Rev. John Boden Thomson
Born: April 14, 1841, at Kirkpatrick, Kirkcudbrightshire
Died: September 22, 1878, at Ujiji [Feb 1879]

Rev. J.B. Thomson studied at Western College and Highgate. Originally appointed to Matabele Land in South Africa, he was ordained June 17, 1869, at Trinity Presbyterian Church, Newcastle-on-Tyne. He departed England for South Africa August 6, 1869. He arrived at Inyati on April 29 and after a short time opened the new station Hope Fountain. He returned to England to take part in the Central Africa Mission on January 20, 1877 and departed again May 6 [May 1877]. He arrived at Kirasa in November with the expedition where they waited for the next travel season. They departed Kirasa May 29, 1878 at arrived at Ujiji on August 23, 1878 [Dec 1878].

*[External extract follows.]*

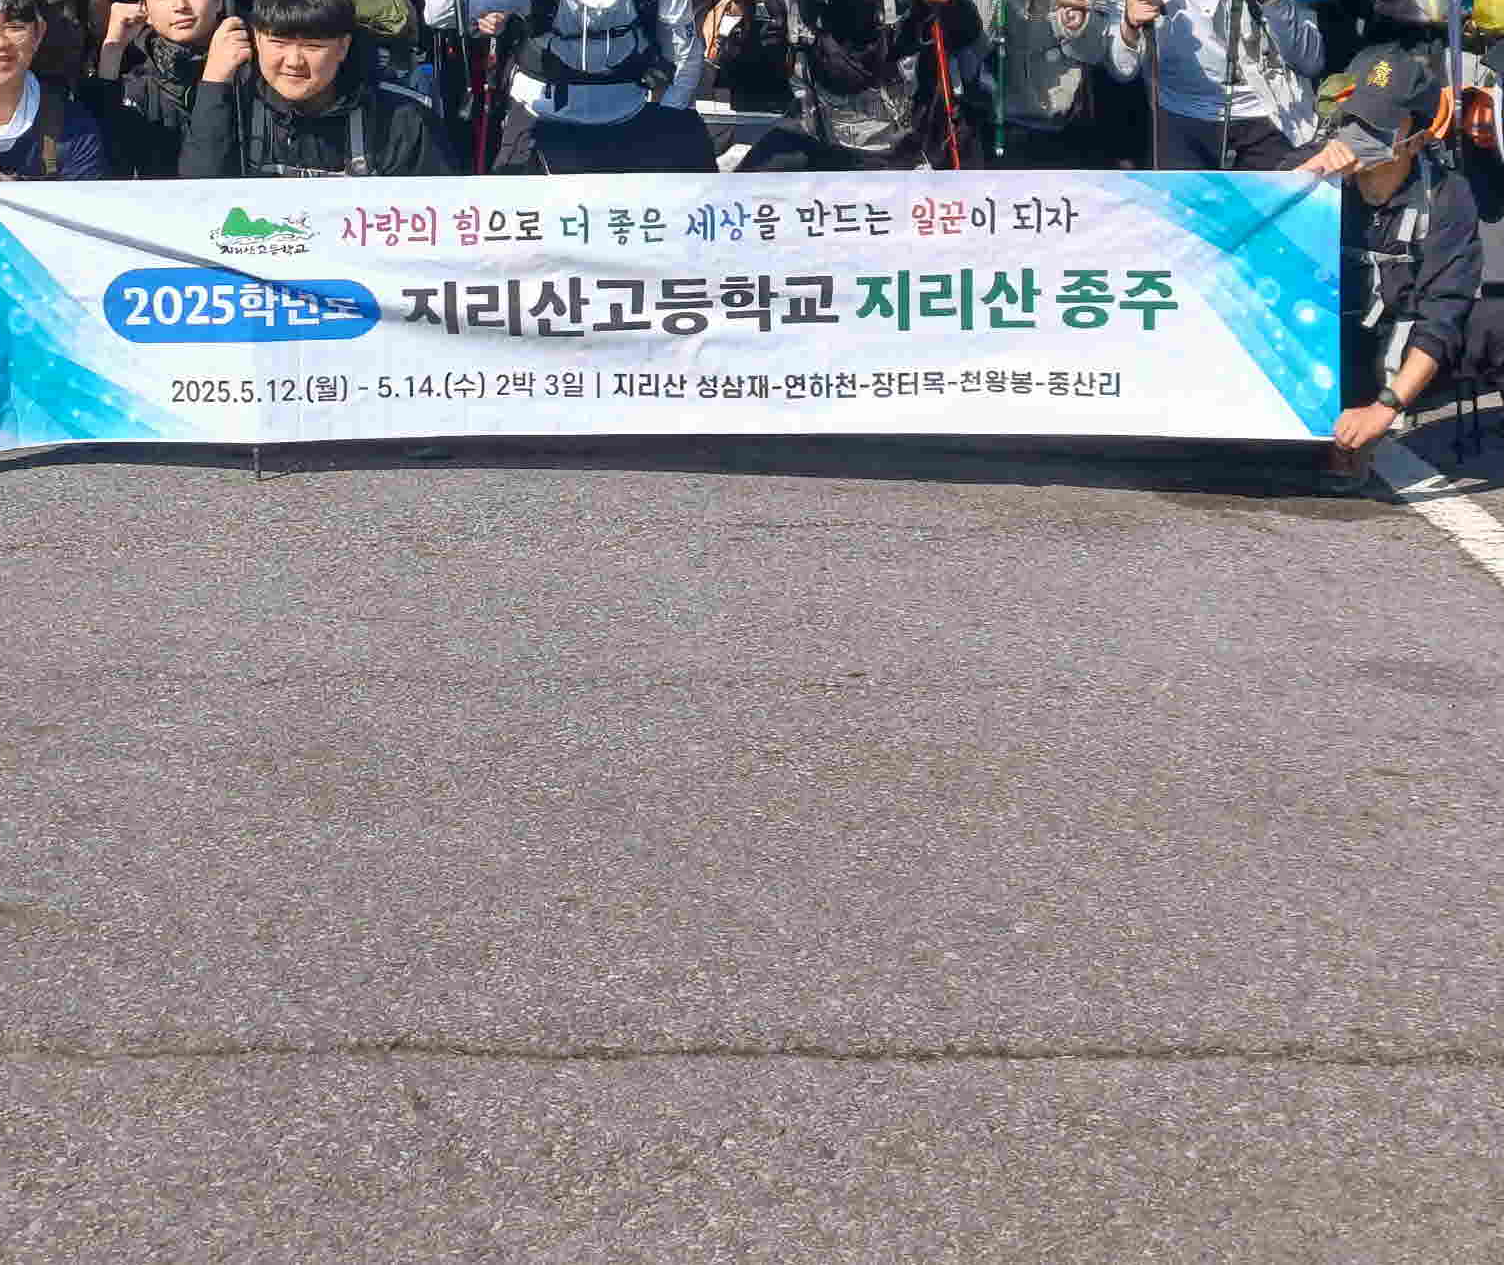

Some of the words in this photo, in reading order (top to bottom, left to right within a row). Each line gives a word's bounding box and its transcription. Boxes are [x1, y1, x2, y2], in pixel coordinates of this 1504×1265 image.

His wife was born Elizabeth Edwards in 1842 and she was with Rev. Thomson in South Africa. She did not join him in Central Africa and died at Peckham on September 16, 1900 [Nov 1900].

Dr. John Kay Tomory, M.B., C.M.
Born: July 21, 1860, at Constantinople

Dr. Tomory studied medicine at Edinburgh University and, appointed as a medical missionary on Kavala Island, he departed England on September 25, 1886 [Nov 1886]. A year later he departed to return to England via Lake Nyasa. En route, he joined a party to relieve missionaries besieged at Karongas. He arrived in England on April 17, 1888, and married Marie Werder in Edinburgh on July 3, 1888 [Aug 1888]. They had a child on March 26, 1889 [May 1889], but their connection with the London Missionary Society ceased on April 30, 1889.

Notes:

Unless otherwise noted, missionary biographies are derived firstly from London Missionary Society: A Register of Missionaries, Deputations, Etc. From 1796 to 1923, prepared by James Sibree, D.D., Fourth Edition, published by the London Missionary Society, London, 1923. Brackets with [Month Year] indicate the issue of The Chronicle of the London Missionary Society which records the preceding event. Information denoted by a dagger (†) is from Christian Missionaries and the Creation of Northern Rhodesia 1880-1924, by Robert I. Rotberg, published by Princeton University Press, Princeton, New Jersey, 1965. Other sources are denoted by a footnote.